IT West Ltd

From the blog

News from IT West

Military Bases Exposed By Fitness App

A user activity ‘heat map’ published by fitness tracker Strava has unwittingly revealed the location and structure of military bases in other countries.

How?

The app, made by San Francisco-based Strava, uses a mobile phone’s GPS to track a subscriber’s exercise activity. Although the new version of the app, introduced in November last year, is reported to be built from a billion activities – three trillion points of data, covering 27 billion km (17bn miles) of distance run, jogged or swum, the data used to produce a ‘heatmap’ of user activity is not live data.

The latest heatmap published by the company, showing the paths its users log as they run or cycle, is intended to show the app’s popularity and is actually made from aggregated data from activities recorded between 2015 and September 2017.

Revealed

Unfortunately for Strava, since military personnel engage in regular exercise, and are generally limited to following the same exercise routes in or close to the base where they are stationed, Strava’s heatmap of user activity reveals the outline of military bases and the most popular routes taken by the soldiers there.

Danger

Even though the location and outline of many military bases are already known from satellite imagery, the heatmap from the app exposes the regular routes taken by soldiers when they are most likely not armed and at their most vulnerable. Also, the heatmap could expose the routes taken by other personnel such as aid workers and NGO staffers in more remote areas. All of this could mean that the app is exposing soldiers and other personnel to danger from attack or kidnap by state and non-state actors e.g. in countries such as Syria, Yemen, Niger, Afghanistan or Djibouti.

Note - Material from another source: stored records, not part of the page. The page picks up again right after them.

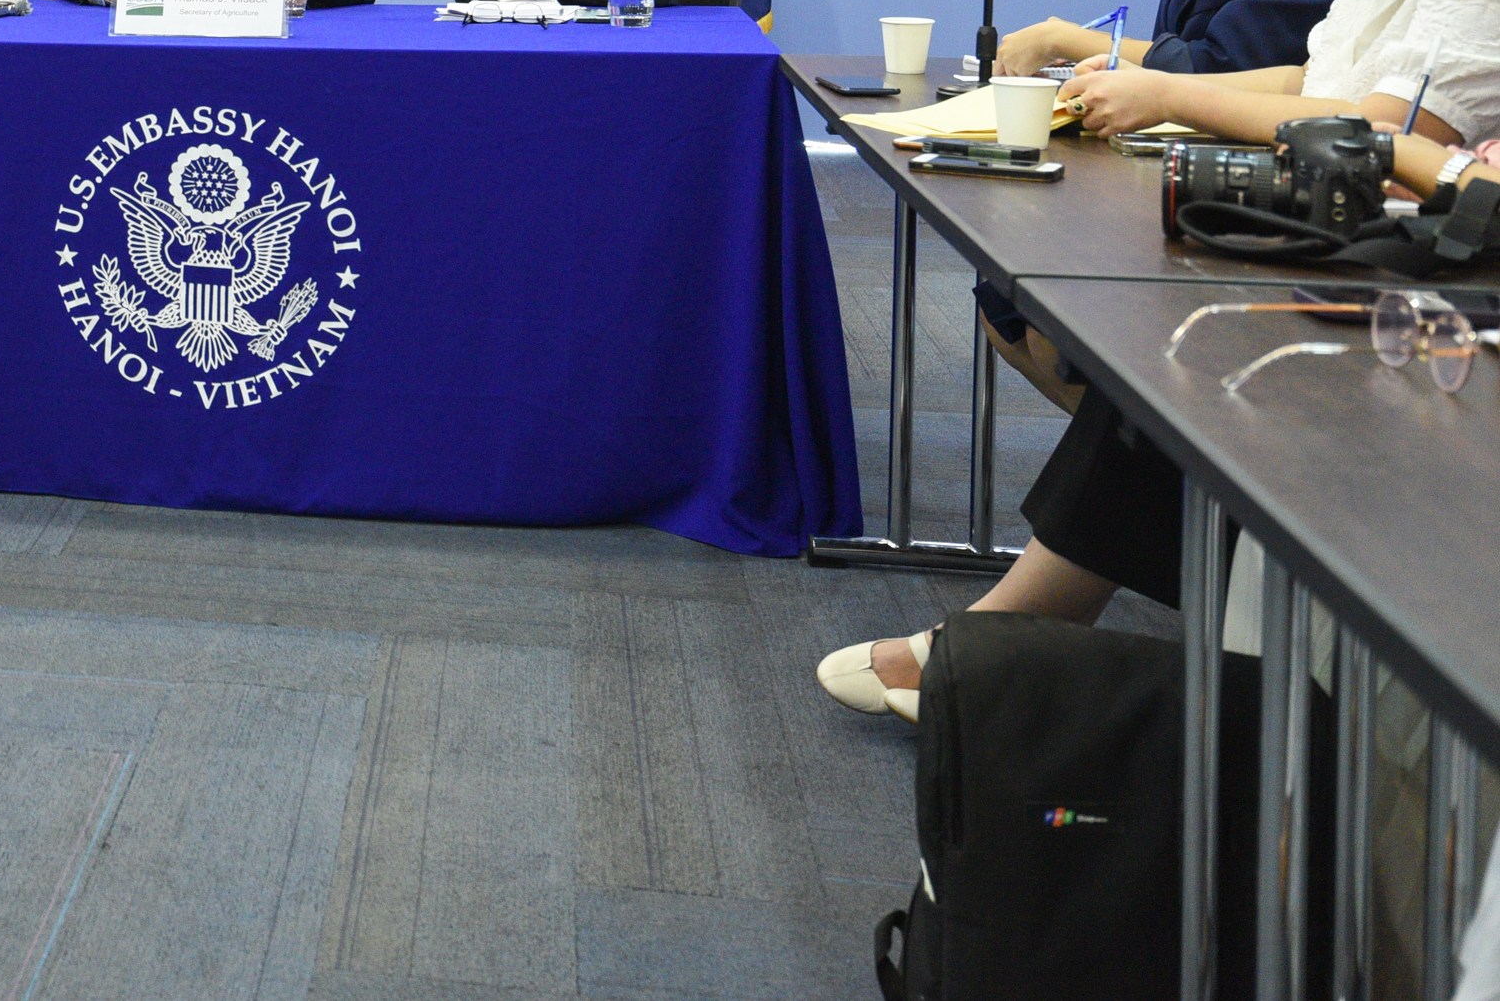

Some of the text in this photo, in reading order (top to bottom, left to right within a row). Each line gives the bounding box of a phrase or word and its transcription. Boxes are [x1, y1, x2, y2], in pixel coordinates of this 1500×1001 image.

[179, 8, 212, 16] Secretary
[222, 9, 259, 17] Agriculture
[235, 208, 262, 226] UNUM
[265, 127, 362, 255] HANOI
[57, 277, 356, 410] HANOI VIETNAM

There is also a danger that hackers could access Strava’s database and find the details of individual users.

UK Personnel at Risk Too

Even though Strava is a US app, it has also been reported that user activity at the UK’s RAF base at Mount Pleasant in the Falkland Islands was also exposed by the app’s heatmap.

Privacy Settings

Privacy settings do exist on the app but the onus is on the user to explicitly opt out of data collection for the heatmap.

US Already Takes Measures To Protect

The US government already takes measures to guard against similar risks to those posed by the app heatmap. For example, it has already published a tract called Enhanced Assessments and Guidance Are Needed to Address Security Risks in DOD, and in 2016, banned Pokémon GO from government-issued mobile phones.

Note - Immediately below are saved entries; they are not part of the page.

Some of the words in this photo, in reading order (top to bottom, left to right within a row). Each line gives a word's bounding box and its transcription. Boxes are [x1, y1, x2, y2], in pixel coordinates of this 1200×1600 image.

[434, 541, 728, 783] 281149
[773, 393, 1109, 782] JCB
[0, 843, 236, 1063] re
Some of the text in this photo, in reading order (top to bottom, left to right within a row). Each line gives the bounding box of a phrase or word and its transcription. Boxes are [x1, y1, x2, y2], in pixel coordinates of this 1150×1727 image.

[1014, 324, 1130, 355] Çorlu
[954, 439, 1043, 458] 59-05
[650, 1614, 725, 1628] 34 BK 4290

What Does This Mean For Your Business?

This is not the first time that the negative aspects of fitness-tracking device companies and their activities have been featured in the news i.e. that the devices are transmitters as well as recorders of data about us. Back in February 2016, a study by a Canadian research team revealed that popular types of fitness trackers actually transmit a signal via bluetooth that could act as an ‘identifier’ signal that could be picked up by beacons that are now being used by retail stores and shopping centres to track, recognise and profile customers.

In the case of Strava, although the company could be forgiven to an extent because of the relatively unforeseen risk that its activities may have caused, there is an argument that a better approach would be to make the device opt-out by default, and to give users the choice to opt-in should they wish to. It may also have been better to avoid publishing any heatmaps, and to simply publish some statistics instead.

In addition to the possible risk to the life of service personnel (and others) that the map has caused, it has also highlighted other important issues relating to fitness-tracking devices and consumer protection e.g. data protection and privacy implications, the risk of hacking the devices, and the need for greater transparency about what is stored and transmitted by the devices.

Companies producing devices that store and transmit personal data need to ensure that they comply with data protection laws, and that they are mindful of potential identifiers and other security risks.